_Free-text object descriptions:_
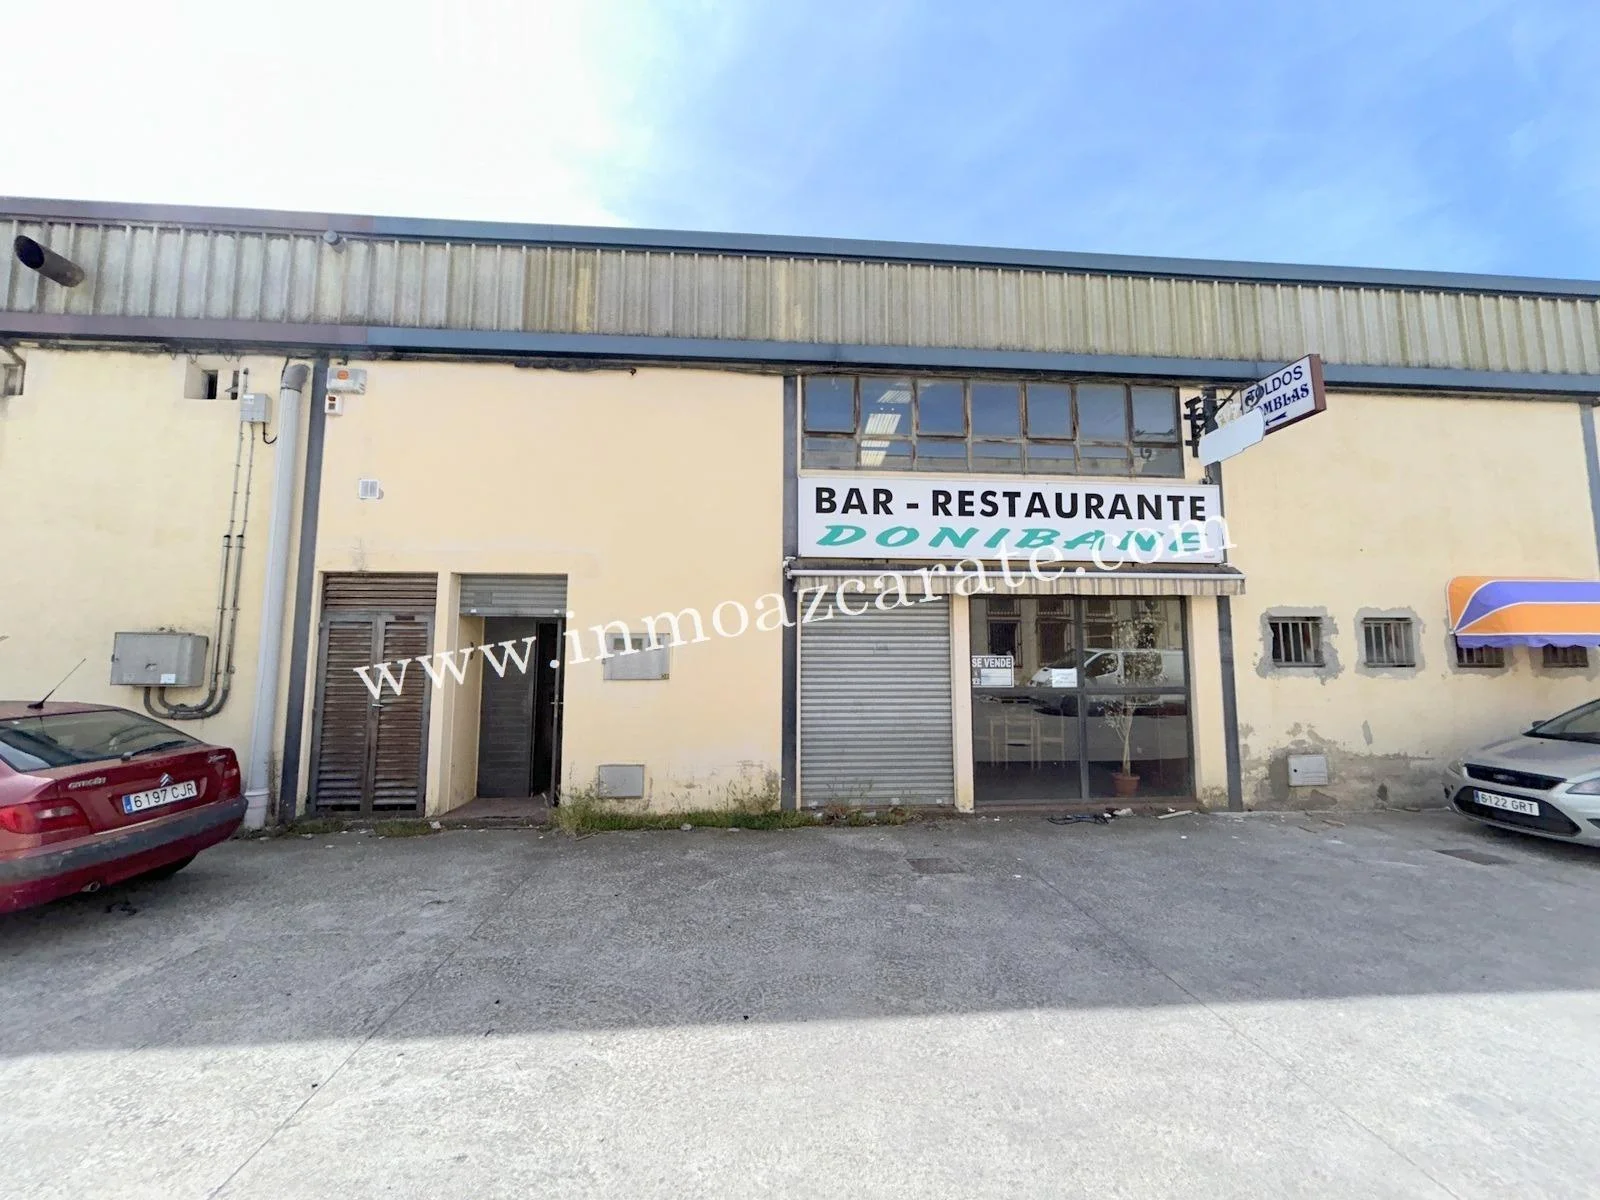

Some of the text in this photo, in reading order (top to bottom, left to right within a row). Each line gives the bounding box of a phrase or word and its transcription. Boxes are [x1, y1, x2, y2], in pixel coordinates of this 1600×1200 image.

[815, 487, 894, 515] BAR
[932, 490, 1206, 521] RESTAURANTE
[972, 658, 1012, 668] SE VENDE
[133, 783, 195, 808] 6197 CJR
[1481, 793, 1534, 813] 6122 GRT
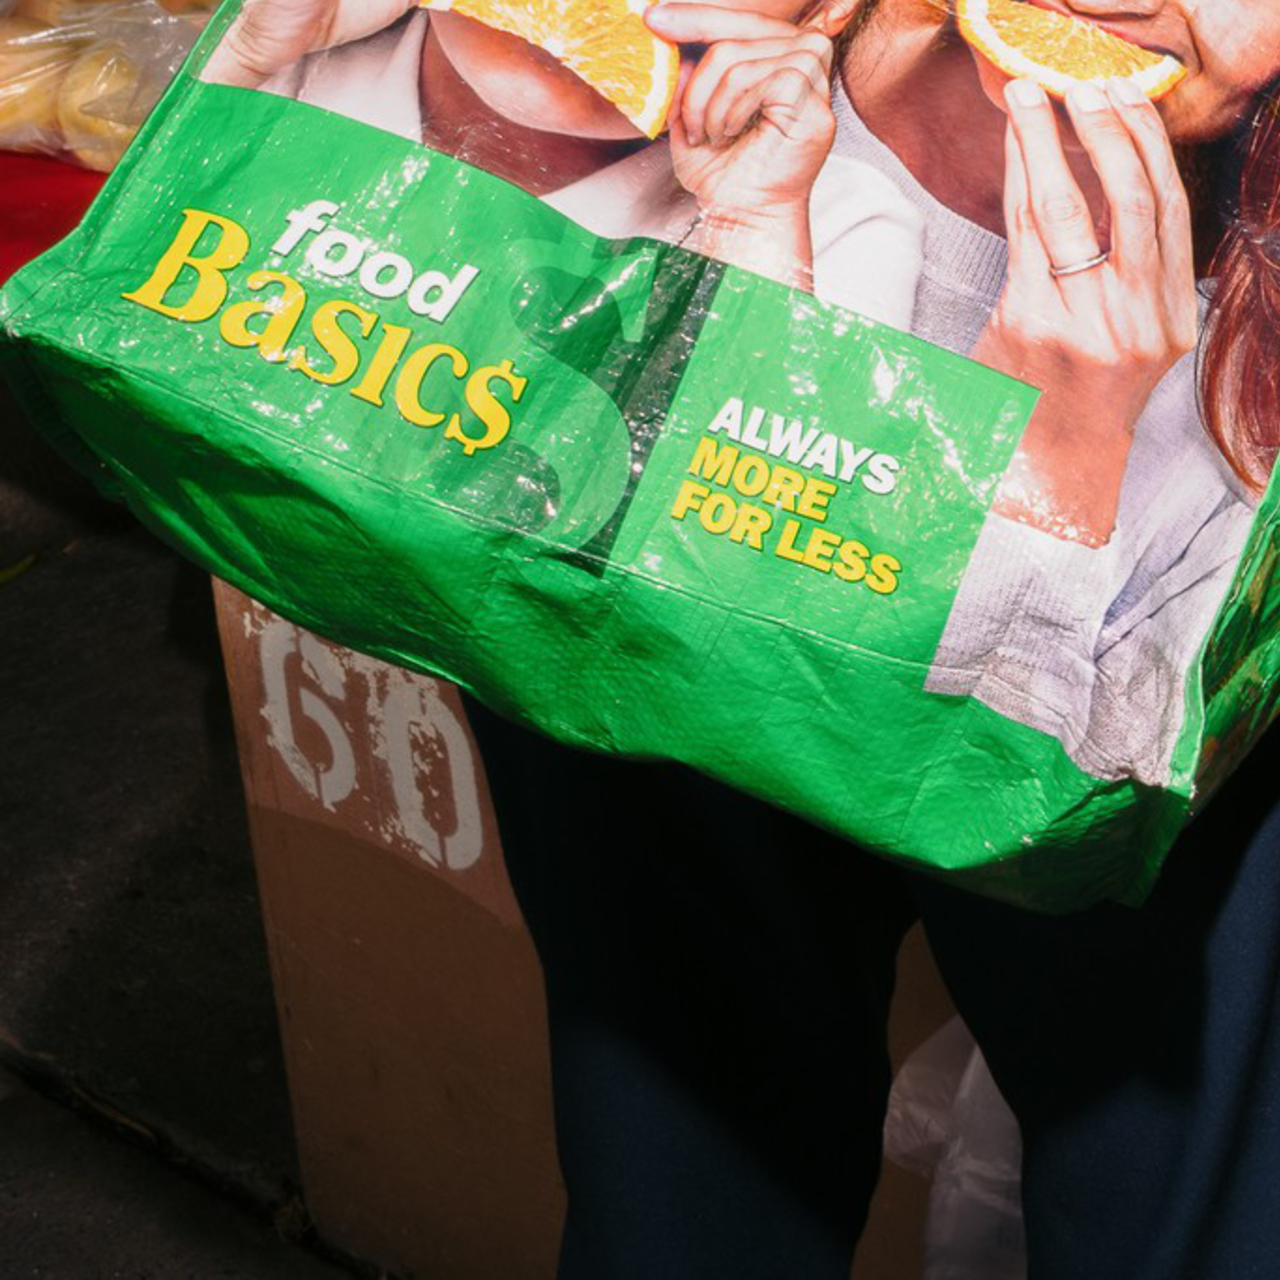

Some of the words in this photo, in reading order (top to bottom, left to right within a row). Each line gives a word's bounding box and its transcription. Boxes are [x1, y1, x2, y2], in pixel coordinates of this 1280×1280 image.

[270, 199, 481, 324] food
[688, 435, 839, 524] MORE
[707, 396, 901, 496] ALWAYS
[670, 479, 774, 552] FOR
[775, 517, 903, 596] LESS
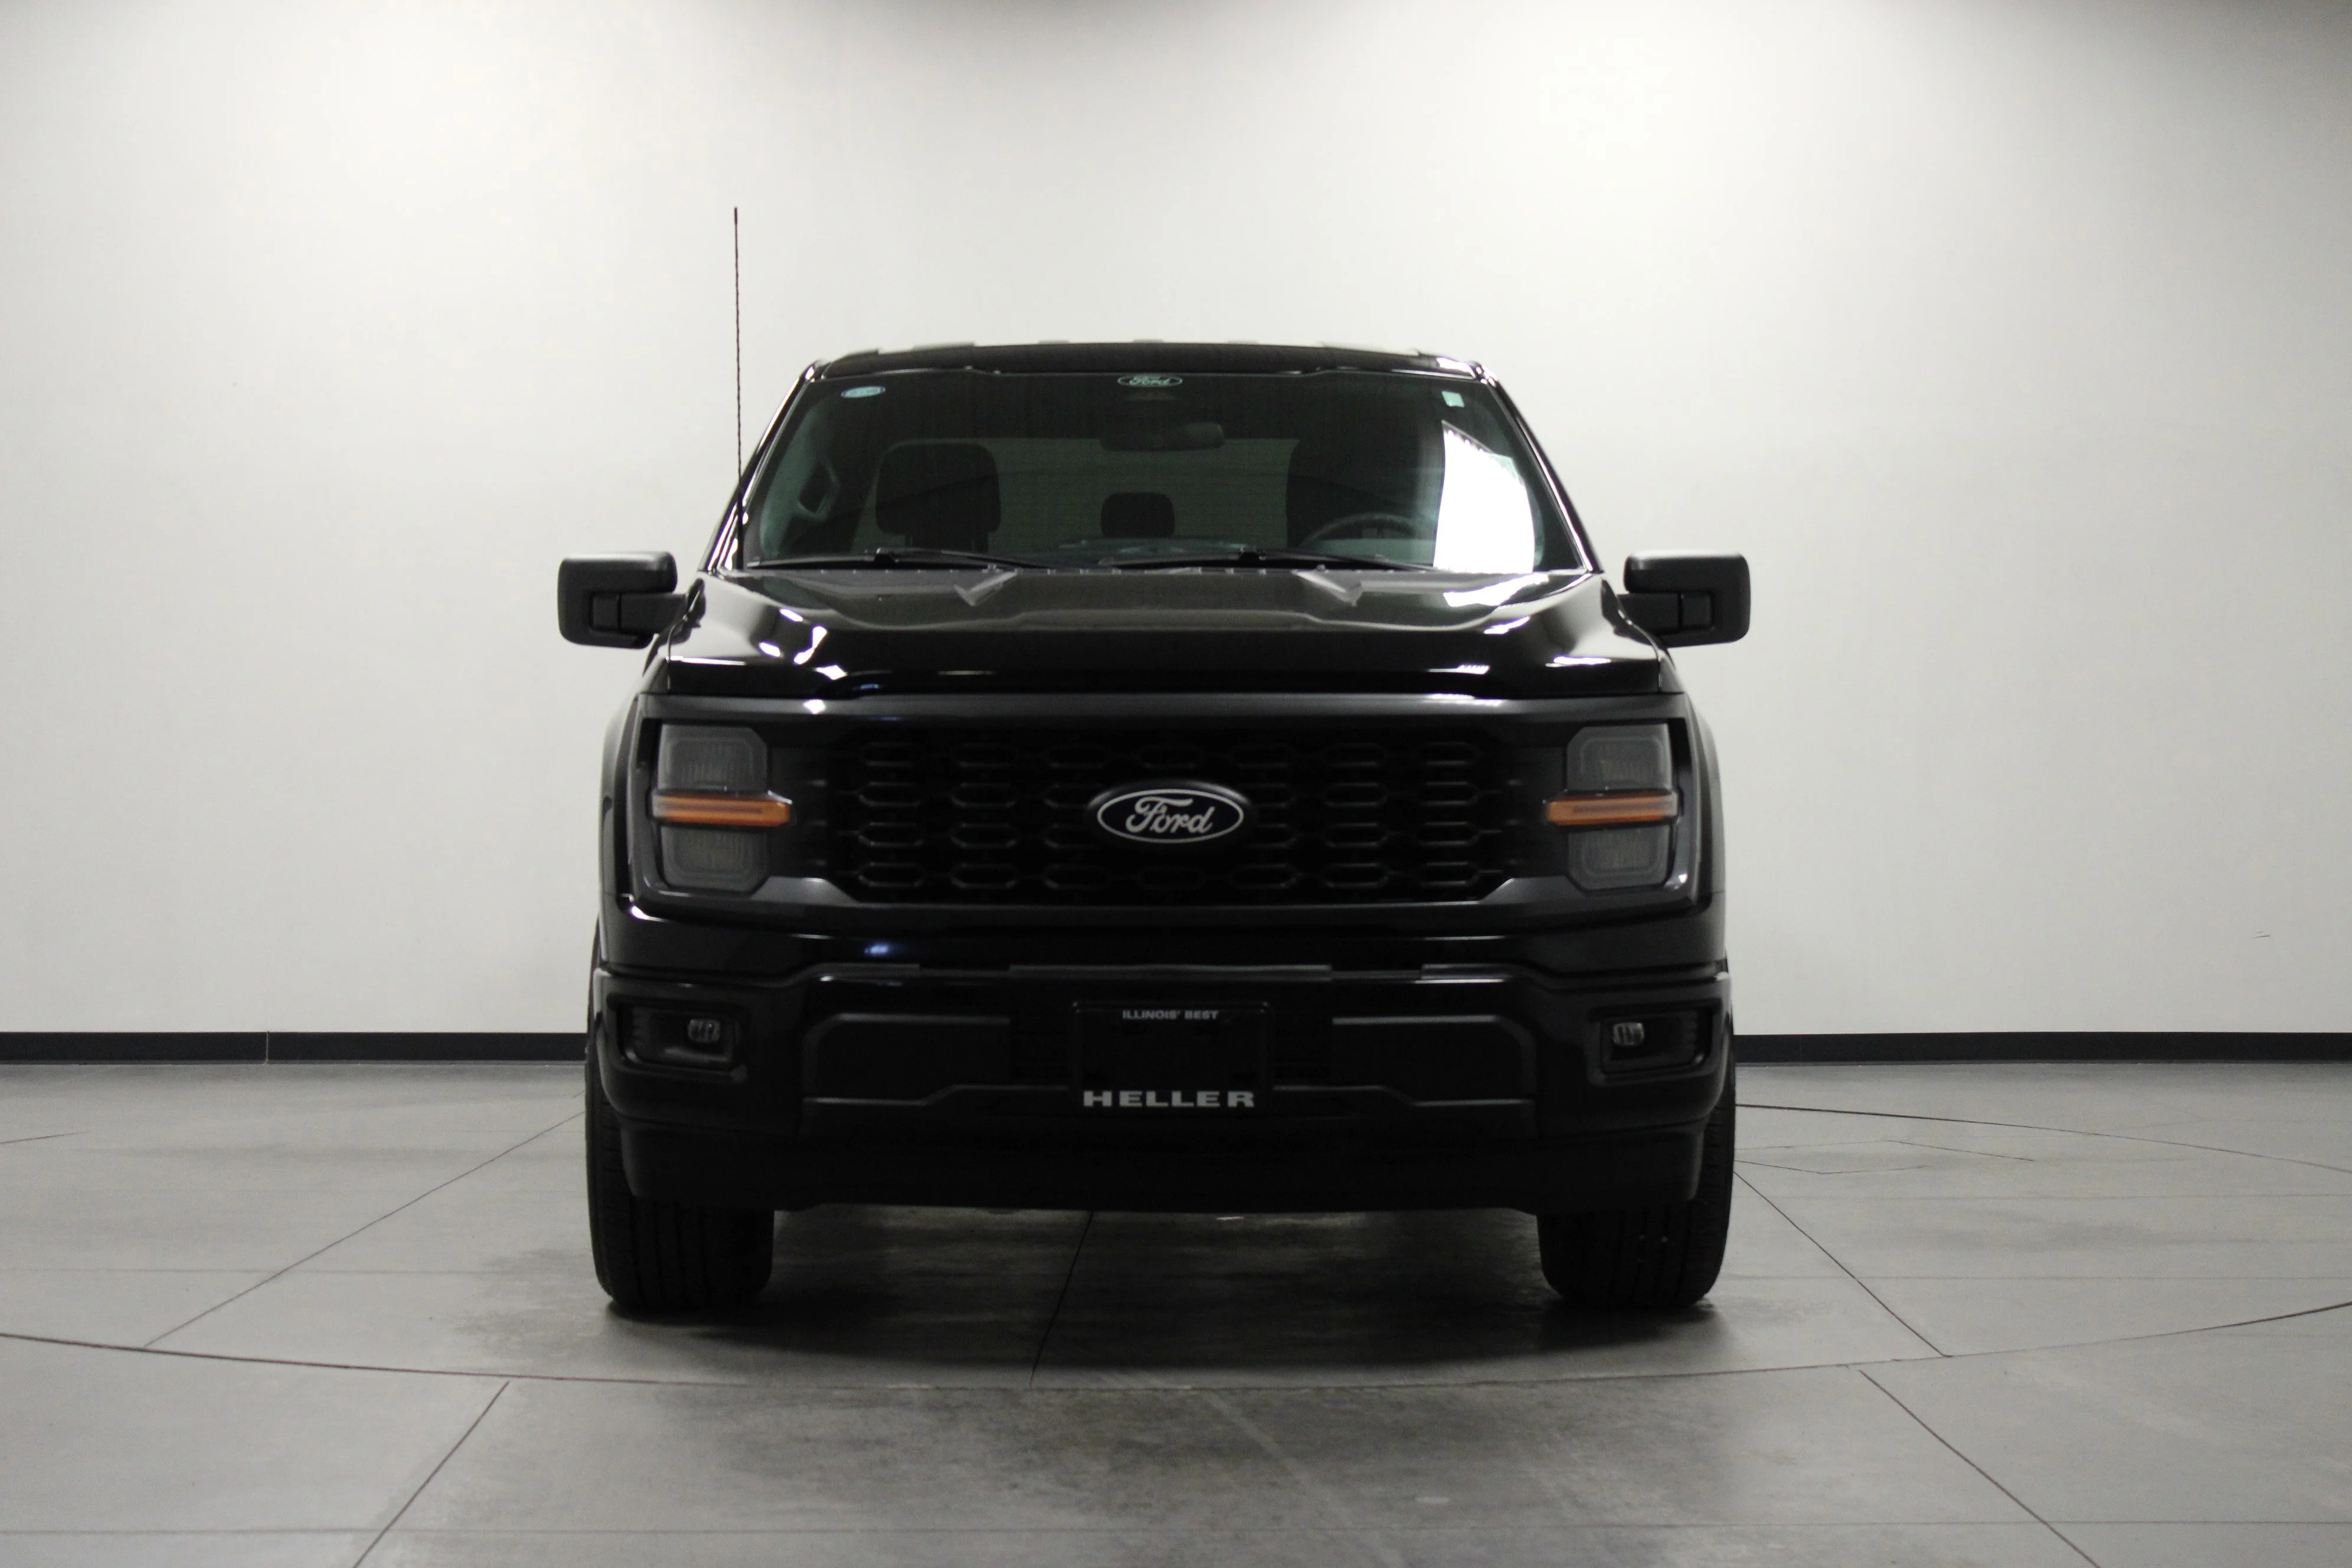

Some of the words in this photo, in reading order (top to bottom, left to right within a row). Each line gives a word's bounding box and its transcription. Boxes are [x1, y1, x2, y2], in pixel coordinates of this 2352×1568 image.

[1129, 375, 1171, 386] Ford
[1125, 796, 1215, 834] Ford
[1184, 1010, 1220, 1020] BEST
[1083, 1090, 1255, 1108] HELLER

_What needs to be done:_ With the pictures dropped, write out all of the entries word for word.

_Expected answer:_
Some of the text in this photo, in reading order (top to bottom, left to right within a row). Each line gives the bounding box of a phrase or word and its transcription. Boxes are [x1, y1, x2, y2], in pixel coordinates of this 1600×1200 image.

[815, 487, 894, 515] BAR
[932, 490, 1206, 521] RESTAURANTE
[972, 658, 1012, 668] SE VENDE
[133, 783, 195, 808] 6197 CJR
[1481, 793, 1534, 813] 6122 GRT

Some of the words in this photo, in reading order (top to bottom, left to right within a row). Each line gives a word's bounding box and its transcription. Boxes are [x1, y1, x2, y2], in pixel coordinates of this 1280×1280 image.

[270, 199, 481, 324] food
[688, 435, 839, 524] MORE
[707, 396, 901, 496] ALWAYS
[670, 479, 774, 552] FOR
[775, 517, 903, 596] LESS

Some of the words in this photo, in reading order (top to bottom, left to right within a row). Each line gives a word's bounding box and its transcription. Boxes are [x1, y1, x2, y2], in pixel coordinates of this 2352×1568 image.

[1129, 375, 1171, 386] Ford
[1125, 796, 1215, 834] Ford
[1184, 1010, 1220, 1020] BEST
[1083, 1090, 1255, 1108] HELLER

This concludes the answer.